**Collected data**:
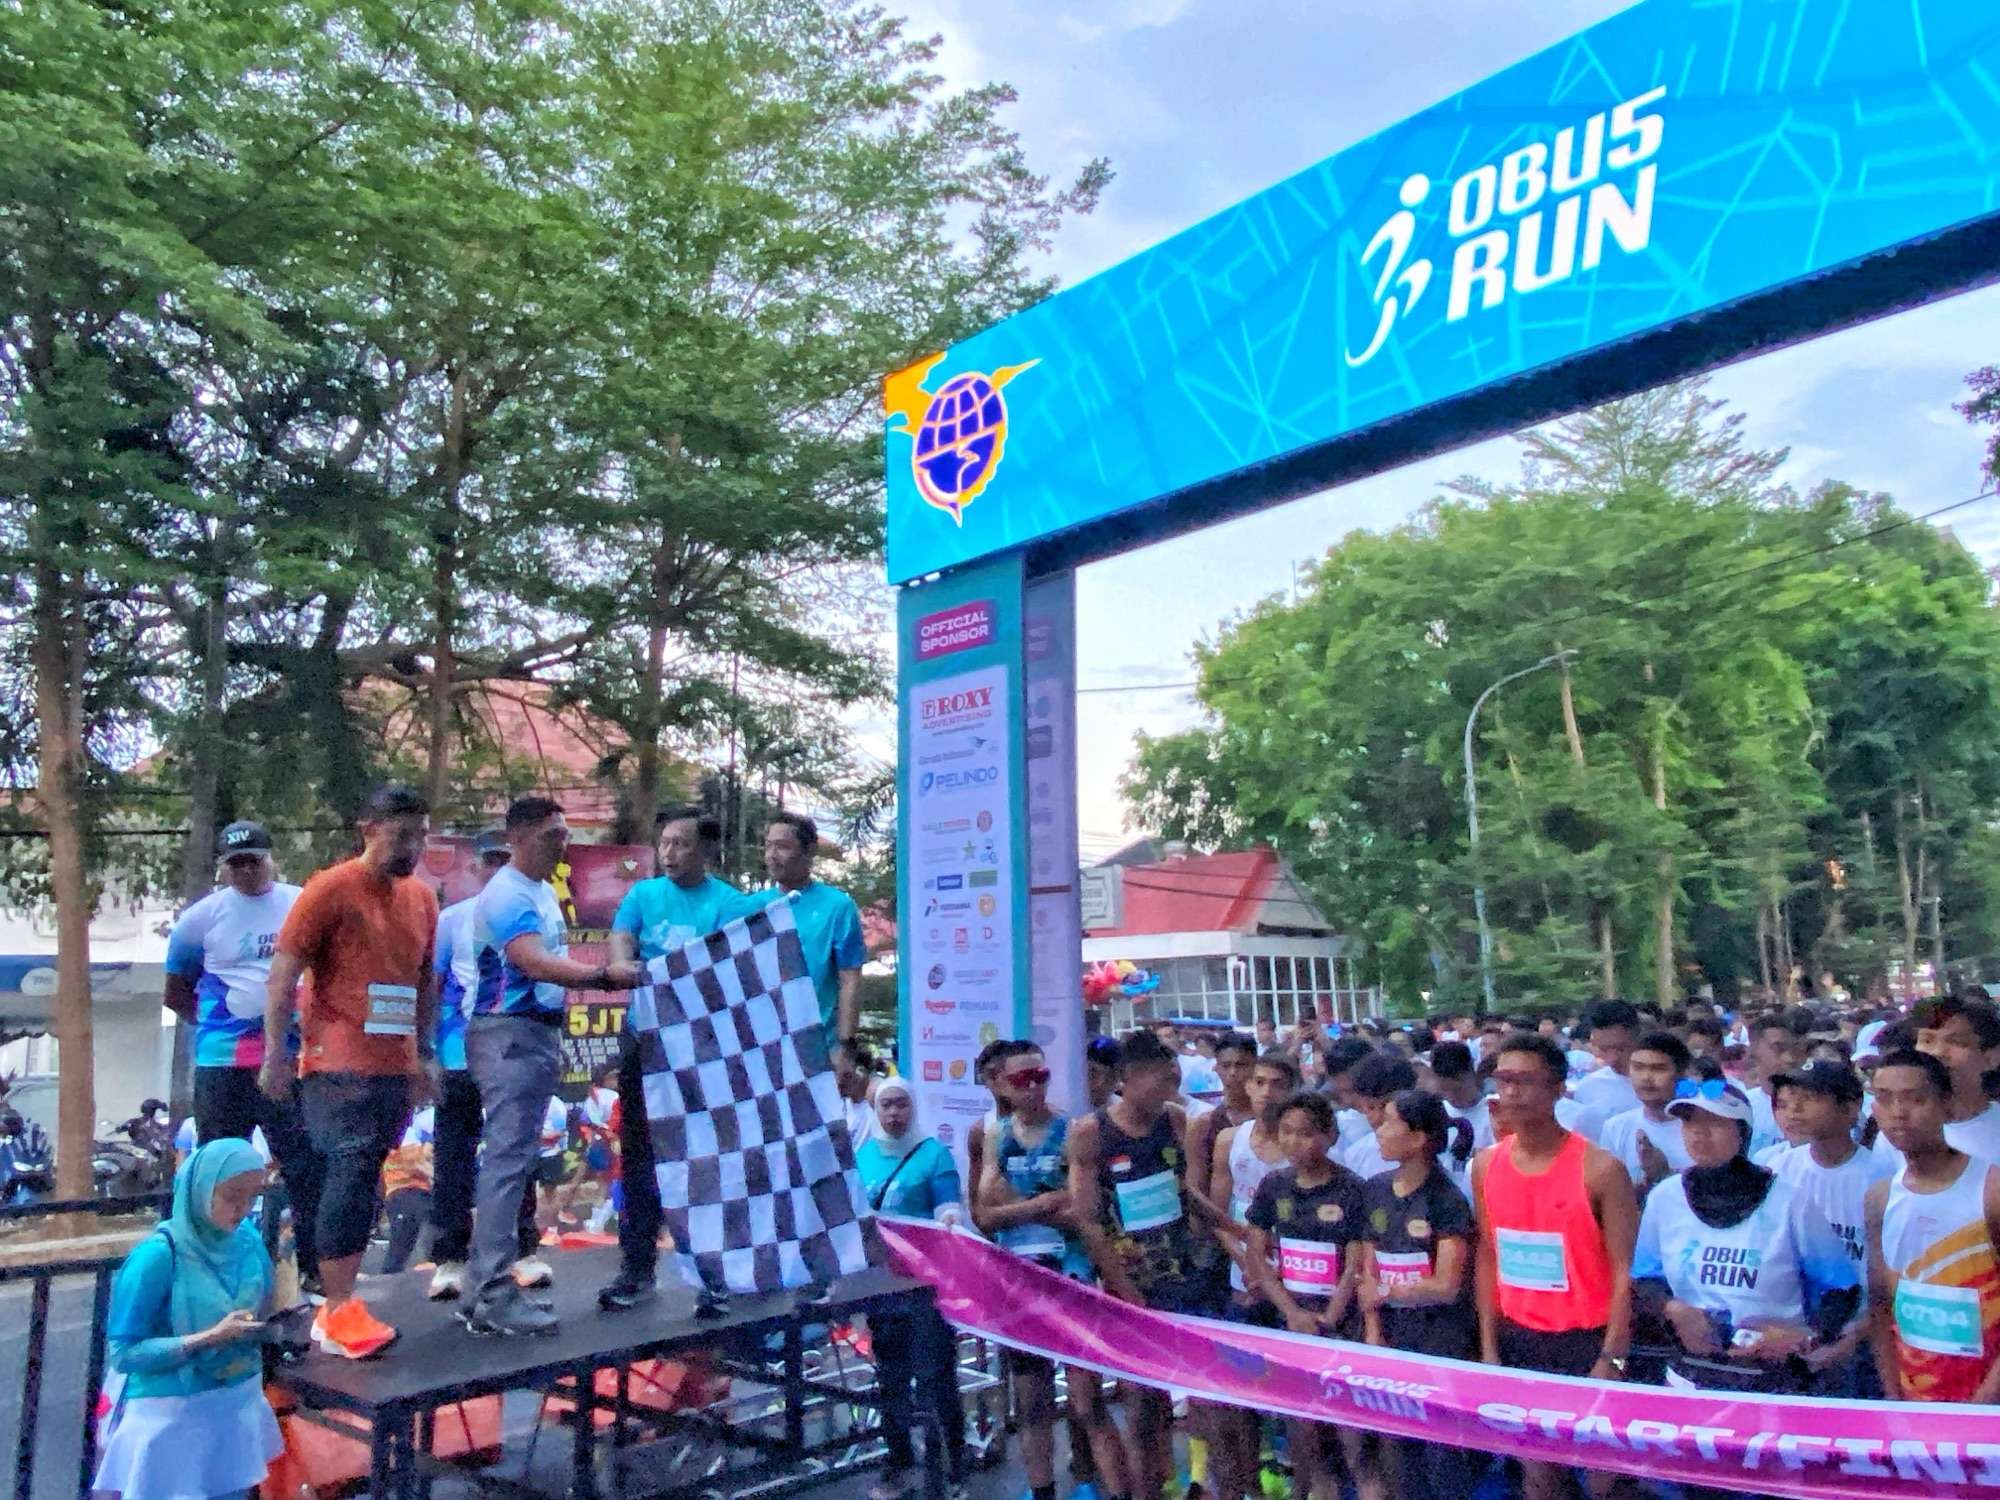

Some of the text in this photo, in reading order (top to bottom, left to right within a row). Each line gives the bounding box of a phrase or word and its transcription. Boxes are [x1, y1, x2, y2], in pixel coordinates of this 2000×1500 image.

[1446, 162, 1658, 324] RUN
[920, 610, 989, 637] OFFICIAL
[921, 624, 989, 652] SPONSOR
[937, 686, 993, 716] ROXY
[936, 766, 999, 789] PELINDO
[227, 830, 250, 845] XIV
[1283, 1255, 1329, 1274] 0318
[1700, 1263, 1759, 1290] RUN

**Problem to work on**: With the pictures set aside, please write out all of the records above exactly.

**Solution to this exercise**:
Some of the text in this photo, in reading order (top to bottom, left to right within a row). Each line gives the bounding box of a phrase or word and its transcription. Boxes are [x1, y1, x2, y2], in pixel coordinates of this 2000×1500 image.

[1446, 162, 1658, 324] RUN
[920, 610, 989, 637] OFFICIAL
[921, 624, 989, 652] SPONSOR
[937, 686, 993, 716] ROXY
[936, 766, 999, 789] PELINDO
[227, 830, 250, 845] XIV
[1283, 1255, 1329, 1274] 0318
[1700, 1263, 1759, 1290] RUN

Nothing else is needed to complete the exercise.